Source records
■ ■ ■
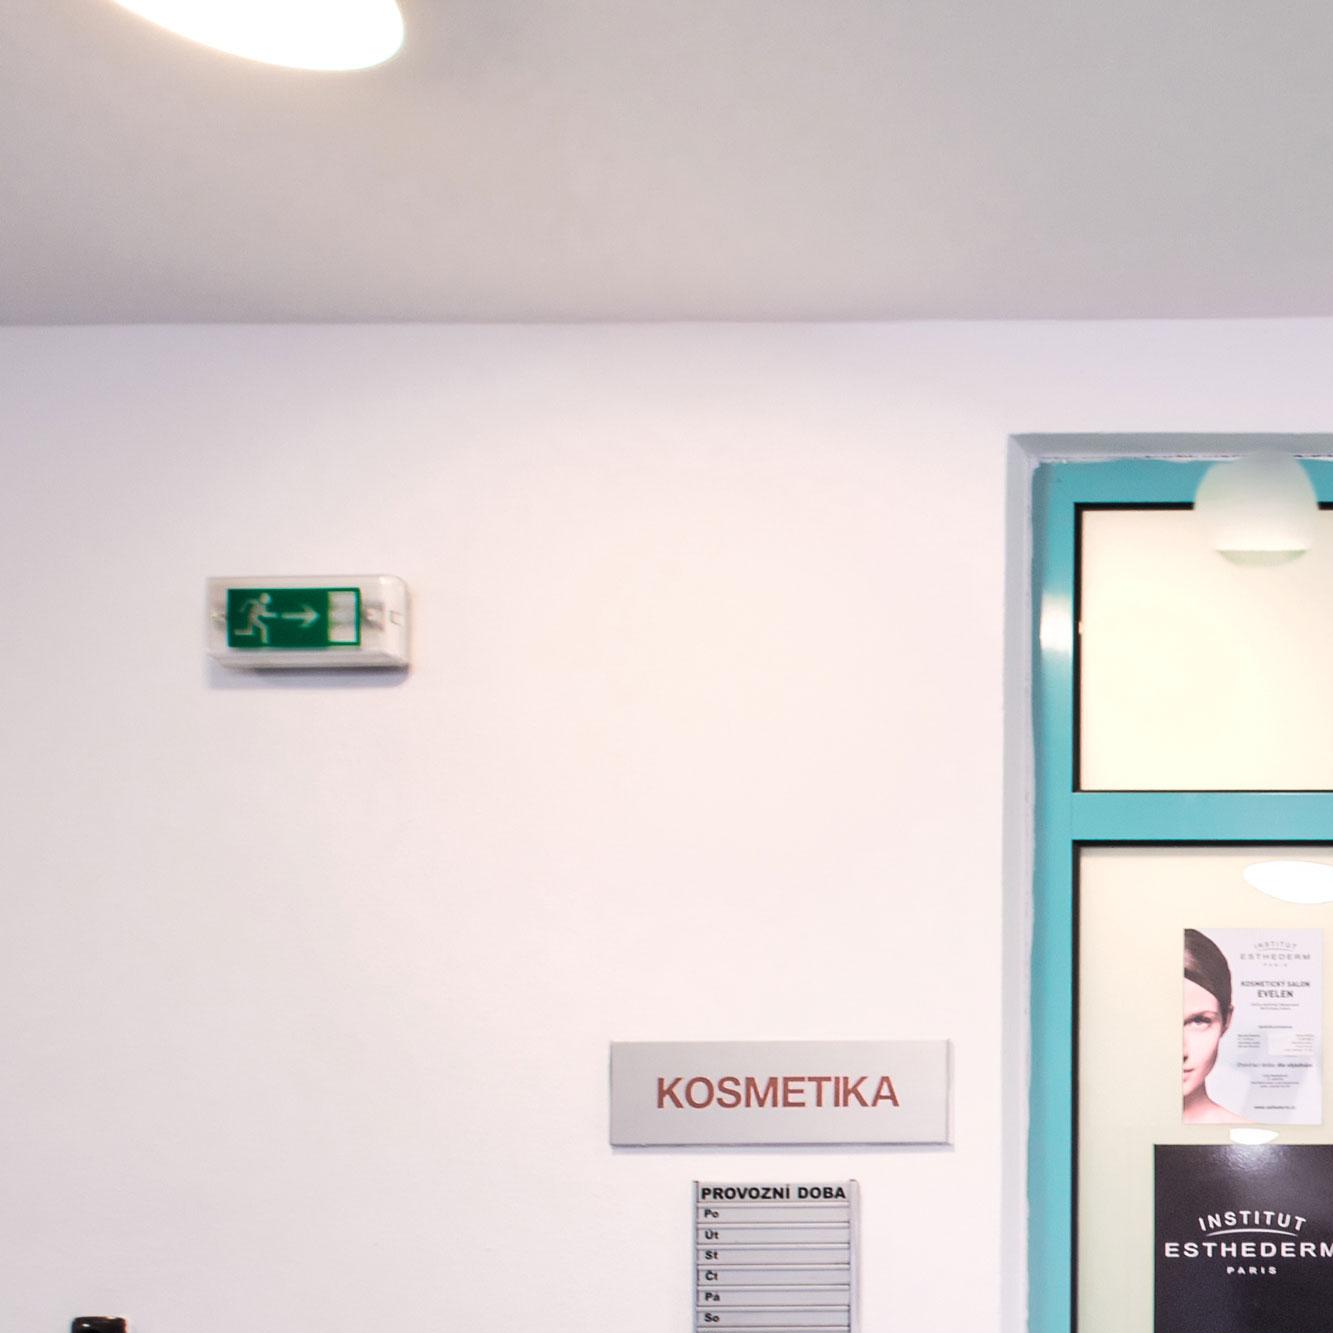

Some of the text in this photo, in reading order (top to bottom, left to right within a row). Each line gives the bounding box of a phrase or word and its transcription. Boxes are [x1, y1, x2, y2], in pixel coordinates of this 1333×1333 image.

[1256, 989, 1295, 999] EVELEN
[656, 1075, 901, 1109] KOSMETIKA
[701, 1184, 847, 1200] PROVOZNÍ DOBA
[703, 1208, 720, 1219] Po
[1198, 1210, 1307, 1231] INSTITUT
[704, 1249, 719, 1260] St
[1226, 1266, 1277, 1275] PARIS
[703, 1312, 721, 1323] So
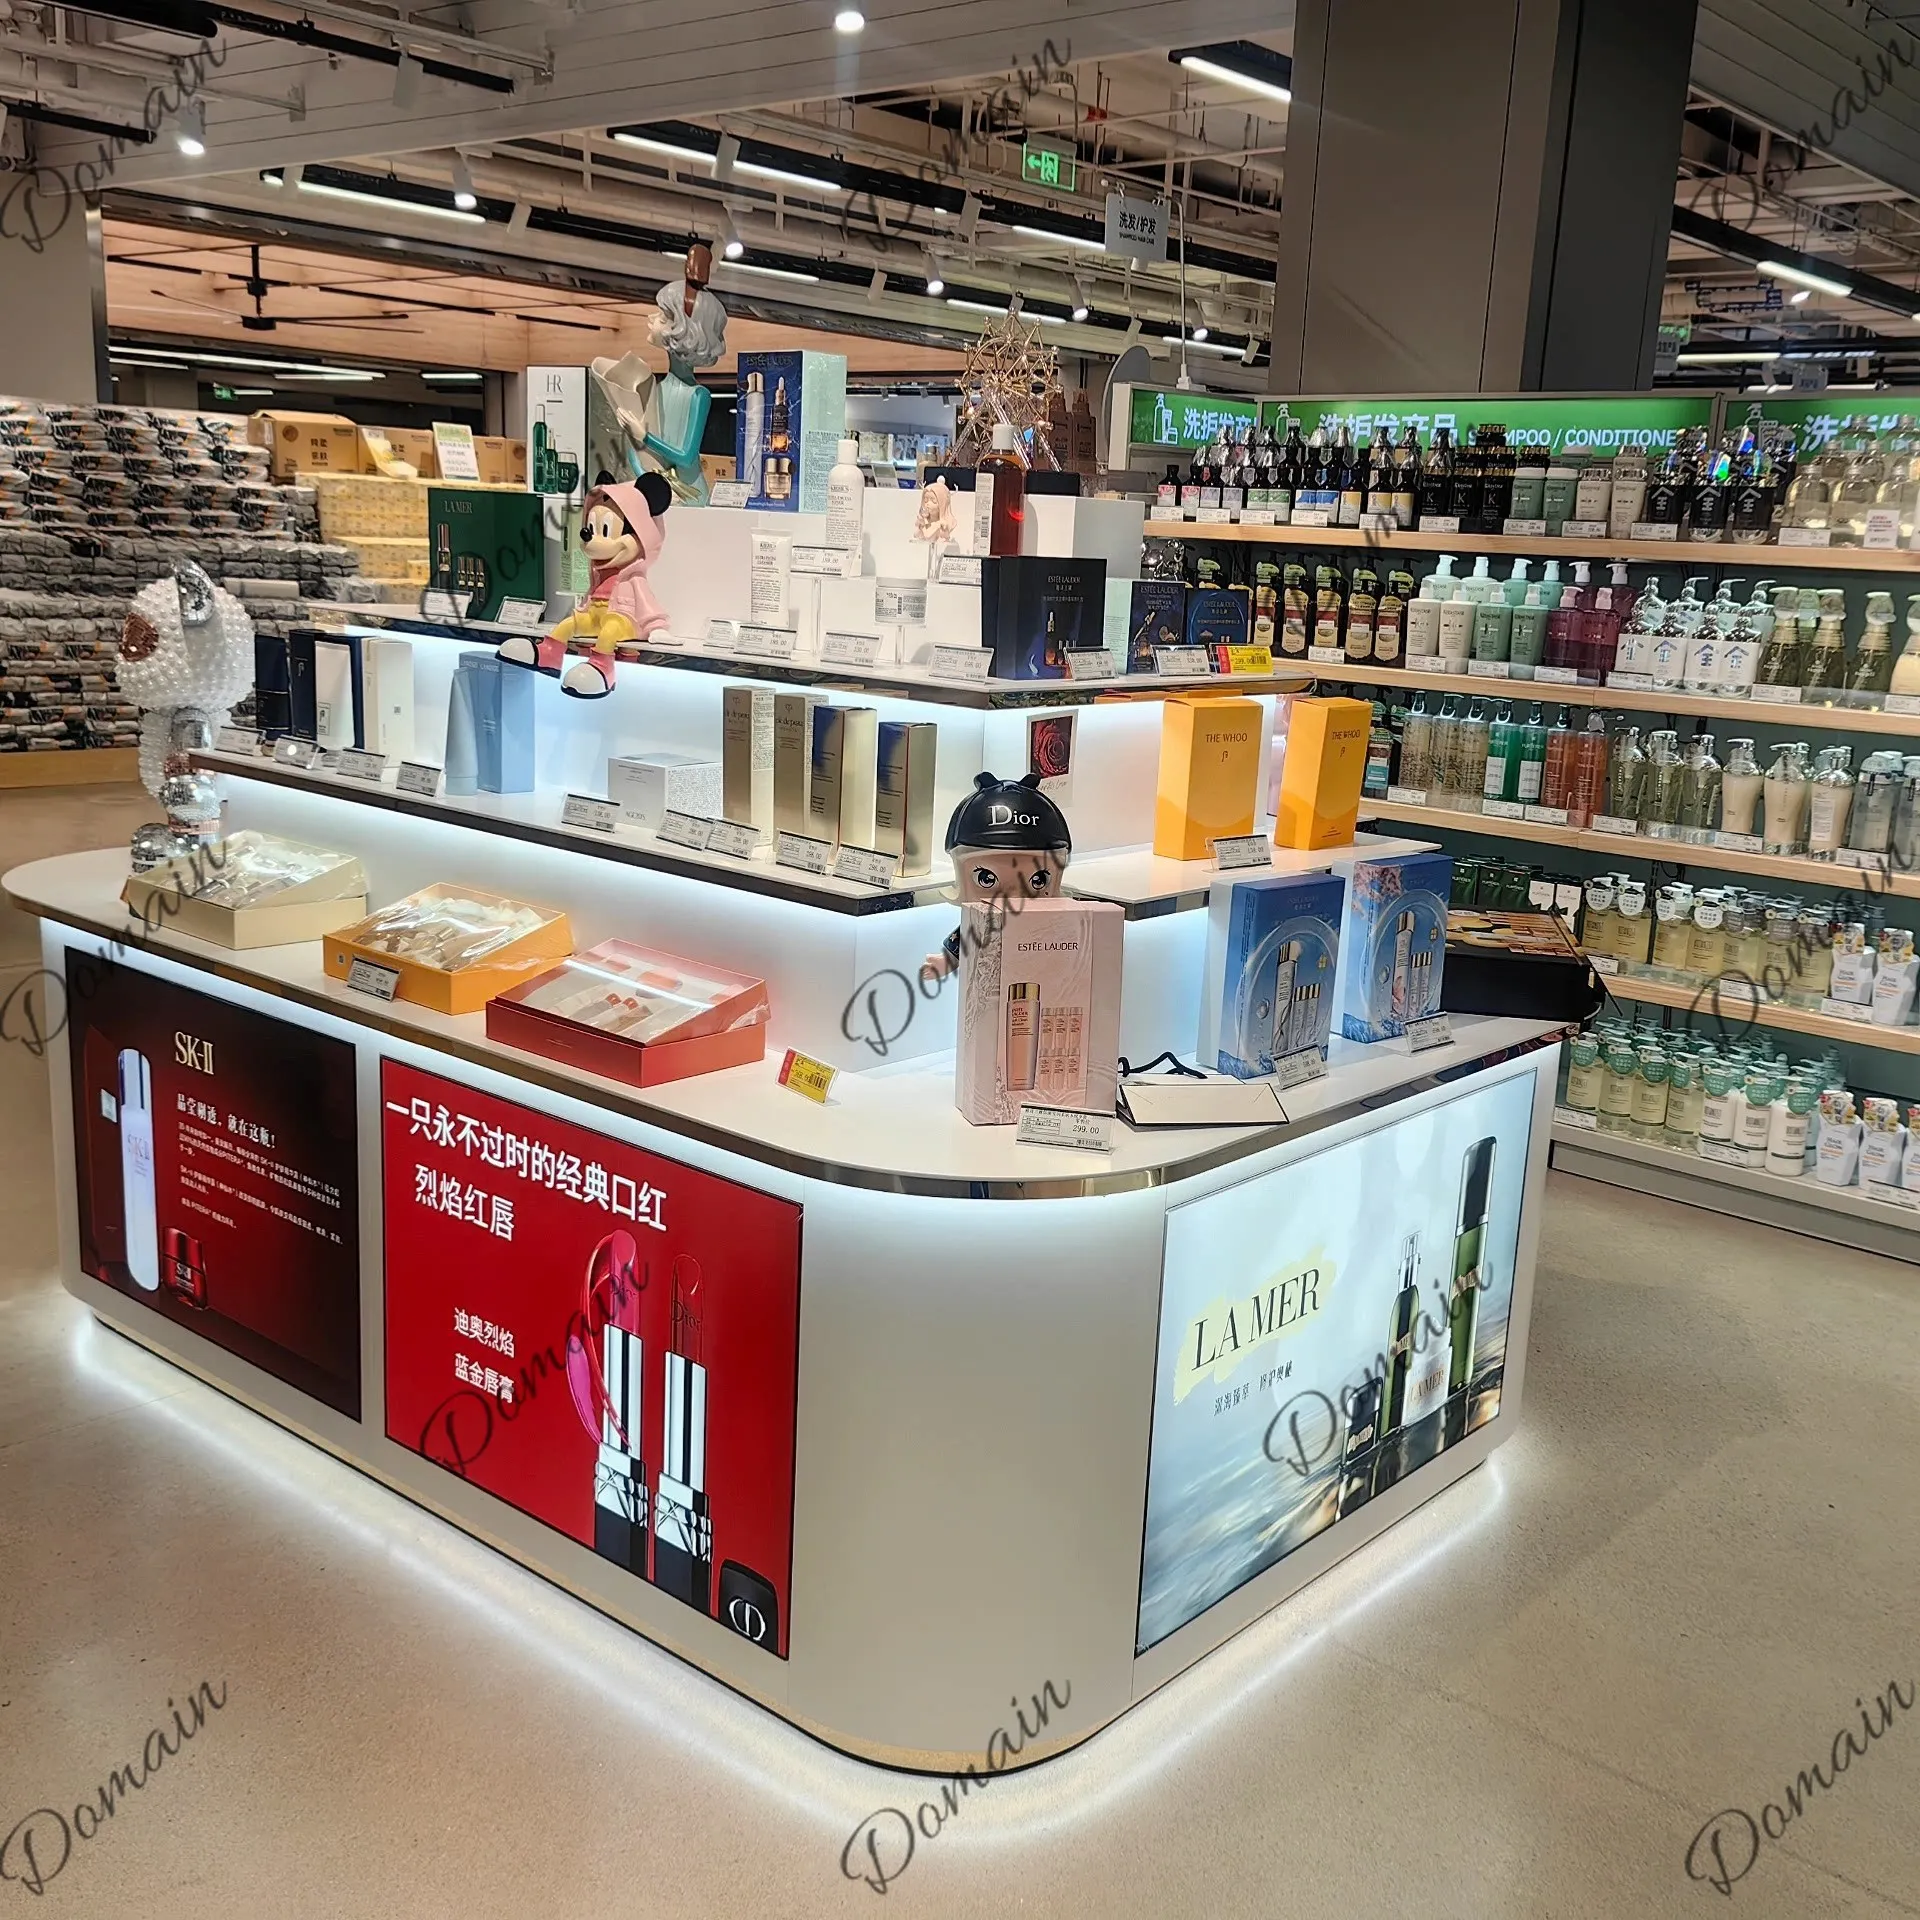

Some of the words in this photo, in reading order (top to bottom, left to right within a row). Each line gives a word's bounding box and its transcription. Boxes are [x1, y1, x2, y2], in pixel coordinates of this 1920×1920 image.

[1564, 426, 1677, 448] CONDITIONE
[1206, 733, 1221, 743] THE
[1222, 732, 1248, 743] WHOO
[1331, 731, 1342, 740] THE
[988, 804, 1040, 826] Dior
[1044, 942, 1078, 951] LAUDER
[175, 1031, 215, 1075] SK-II
[1072, 1124, 1100, 1134] 299.00
[386, 1097, 667, 1232] 一只永不过时的经典口红
[415, 1164, 515, 1241] 烈焰红唇
[453, 1307, 515, 1359] 迪奥烈焰
[1191, 1306, 1241, 1371] LA
[1248, 1268, 1320, 1344] MER
[454, 1353, 515, 1404] 蓝金唇膏
■ ■ ■
§ TASK STATEMENT:
The records above must all be output exactly. Omit the images.

§ RESPONSE:
Some of the text in this photo, in reading order (top to bottom, left to right within a row). Each line gives the bounding box of a phrase or word and its transcription. Boxes are [x1, y1, x2, y2], in pixel coordinates of this 1333×1333 image.

[1256, 989, 1295, 999] EVELEN
[656, 1075, 901, 1109] KOSMETIKA
[701, 1184, 847, 1200] PROVOZNÍ DOBA
[703, 1208, 720, 1219] Po
[1198, 1210, 1307, 1231] INSTITUT
[704, 1249, 719, 1260] St
[1226, 1266, 1277, 1275] PARIS
[703, 1312, 721, 1323] So

Some of the words in this photo, in reading order (top to bottom, left to right within a row). Each line gives a word's bounding box and its transcription. Boxes are [x1, y1, x2, y2], in pixel coordinates of this 1920×1920 image.

[1564, 426, 1677, 448] CONDITIONE
[1206, 733, 1221, 743] THE
[1222, 732, 1248, 743] WHOO
[1331, 731, 1342, 740] THE
[988, 804, 1040, 826] Dior
[1044, 942, 1078, 951] LAUDER
[175, 1031, 215, 1075] SK-II
[1072, 1124, 1100, 1134] 299.00
[386, 1097, 667, 1232] 一只永不过时的经典口红
[415, 1164, 515, 1241] 烈焰红唇
[453, 1307, 515, 1359] 迪奥烈焰
[1191, 1306, 1241, 1371] LA
[1248, 1268, 1320, 1344] MER
[454, 1353, 515, 1404] 蓝金唇膏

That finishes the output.